Leibniz-Zentrum Allgemeine Sprachwissenschaft Leibniz-Gemeinschaft

Complex sentences in Brazilian Native American languages: experimental and theoretical studies (COSY)

Complement clauses, relative clauses, infinitives, control, embedded and long questions, long and logophoric binding, and adverbial clauses are central topics in the grammars of well-researched languages. In addition, the analysis of complex sentences is in many cases illuminating for the analysis of simpler sentences, such as the verb-second and verb-final word order in German. Descriptive work on less studied languages, on the other hand, rarely considers complex sentences, and the tools to collect interesting theoretical data on complex sentences are underdeveloped.

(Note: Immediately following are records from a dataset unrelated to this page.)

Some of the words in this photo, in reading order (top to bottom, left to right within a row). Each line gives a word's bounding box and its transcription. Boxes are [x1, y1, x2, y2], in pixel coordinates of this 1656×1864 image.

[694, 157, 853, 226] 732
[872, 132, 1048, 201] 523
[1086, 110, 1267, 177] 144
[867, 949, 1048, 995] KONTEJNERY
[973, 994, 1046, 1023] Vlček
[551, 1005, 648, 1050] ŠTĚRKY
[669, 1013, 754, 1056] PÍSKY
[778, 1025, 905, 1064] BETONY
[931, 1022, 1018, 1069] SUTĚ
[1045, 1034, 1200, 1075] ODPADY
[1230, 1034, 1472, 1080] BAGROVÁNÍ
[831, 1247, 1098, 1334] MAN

The COSY project fills this gap for five native Brazilian languages: Maxakalí, Kaingang (both Je languages), Yudja, Kawaiwete (both Tupi languages), and Kuikuro (Carib languages). COSY's contribution consists of two parts: theoretical insights into the syntactic and semantic principles and parameters of human language and practical advances in techniques to describe complex sentences in field research. To achieve these goals, COSY creates an intensive exchange between Brazilian scientists of the UFRJ and German scientists at ZAS.

The theoretical goals of COSY concern the understanding of the initially mentioned areas as well as reference change marking, index shifting, casus systems, evidentiality and speech act marking. The detailed investigation of complex sentence structures in the five American languages will lead to new discoveries that are important for syntactic and semantic theory as part of the human language faculty. The practical advances on which these insights are based are spontaneous elicitation techniques, an improved overview list, and several other experiments developed by COSY to systematically collect data on complex sentences. As part of the refinement of these techniques, we simultaneously create a unique corpus of five little studied and threatened Brazilian languages from three different language families. Finally, the project advances the application of novel technology for the analysis and storage of field research data in collaboration with Canadian, Dutch, German and Brazilian scientists and institutions.